I think I would fix #477 before taking the time to review this PR (because I think it would be nice to fix the regression some time soon, also because I'd like to unify the external / "normal" method injection setup a bit to reduce complexity, and tbh also because currently I'm more in the mood of writing code myself rather than reviewing, as I only spend little time on open source currently).

Some initial thoughts on this PR:

I guess a (reasonable) limitation is, that caching will only notice changes within functions/methods. So all of the following would not trigger mutant reruns:

  • external library changes (dependency updates)
  • configuration changes (pyproject.toml, yaml files, etc.)
  • data file changes (my_query.sql, etc.)
  • import-time code changes (dataclass/pydantic model change, import statements, etc.)

All of these cannot be tied to some function/method, so we would need some other system than callstacks for tracking dependencies. I think it's fair to say these are out of scope.

What happens when mutmut configs change? e.g. in the first run we set the filter to only mutate some files and in the next run other files? Or we add a new pytest flag. Should we simply keep the cache, or clear it, or ask the user?

Introduces MutationMetadata (line number, mutation type, human-readable description) carried on every Mutation and serialized to JSON, plus an OPERATOR_TO_TYPE mapping and helpers (_determine_mutation_type, _describe_mutation).

Is this relevant to caching or an additional feature? The _describe_mutation method feels like the git diff of the mutmut browse

@nicklafleur
Copy link
Copy Markdown
Collaborator Author

nicklafleur commented May 1, 2026

yeah #477 and the unification of the trampoline patterns seem like great candidates to merge before this work, the dependency change thing is something that I don't really have a great answer to. My personal view here is that generally people should be proactive about doing full reruns when making big library changes, but having a "false cache" is definitely not the kind of things that most people would clue into.

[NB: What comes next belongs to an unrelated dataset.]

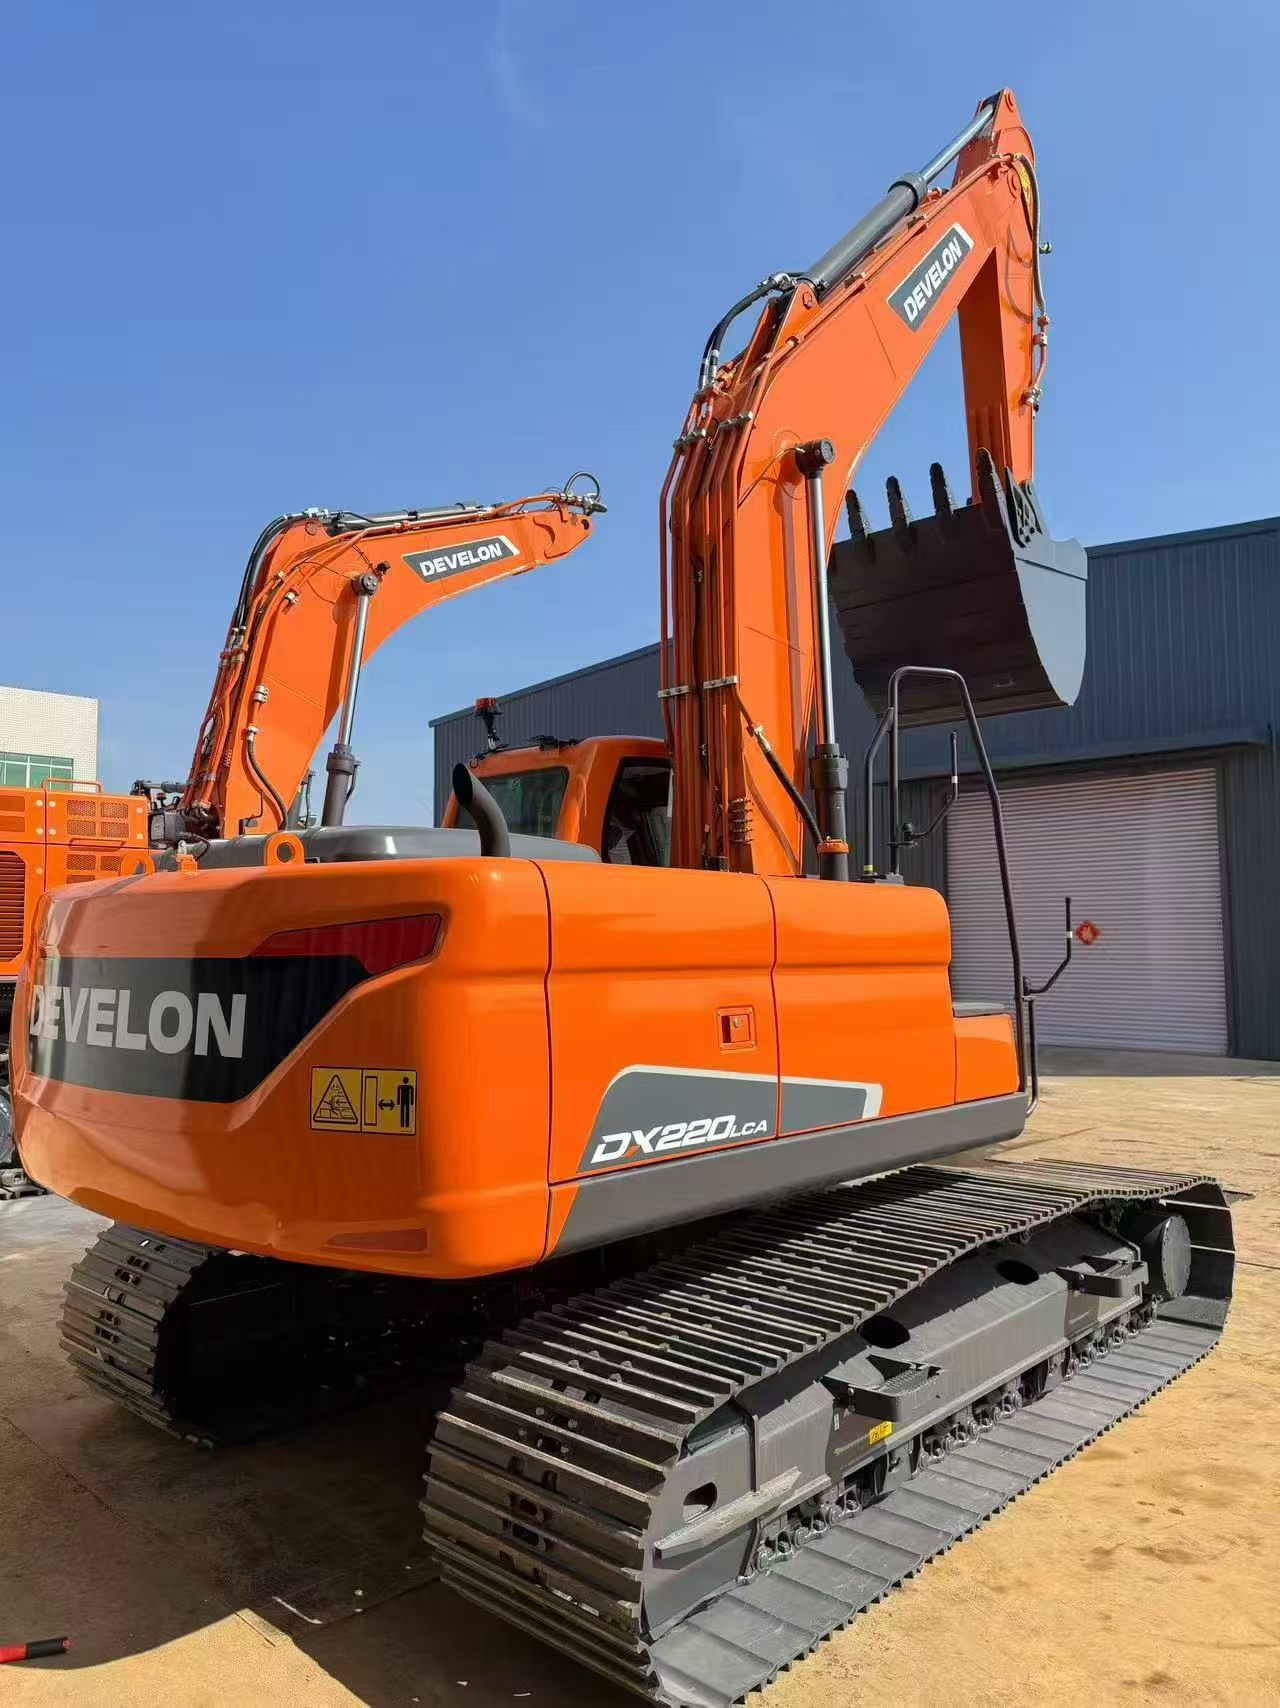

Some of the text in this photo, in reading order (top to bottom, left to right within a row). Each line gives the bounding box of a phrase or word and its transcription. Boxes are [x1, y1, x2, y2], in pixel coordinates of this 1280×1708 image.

The naive approach would be to detect these things in some way and simply force a rerun in those cases, which is effectively the status quo today so there's no regression in that sense.

The mutation metadata is something I've been kinda messing with in the context of LLM-driven testing. There's been a big industry push to having unit tests be written by AI, but there isn't really a mechanism to give AI meaningful feedback on the quality of passing tests. One can imagine that a math-focused lib may want to kill all calculation-based/boolean mutants but not care as much for string mutations for example. Having this kind of metadata is what would be needed to be able to filter for/express this data.

I believe (I'd have to go back and check, been a while since I made the changes) that I've included this information in my updates to the browser in the TMP branch, but I'll be sure to include that if not.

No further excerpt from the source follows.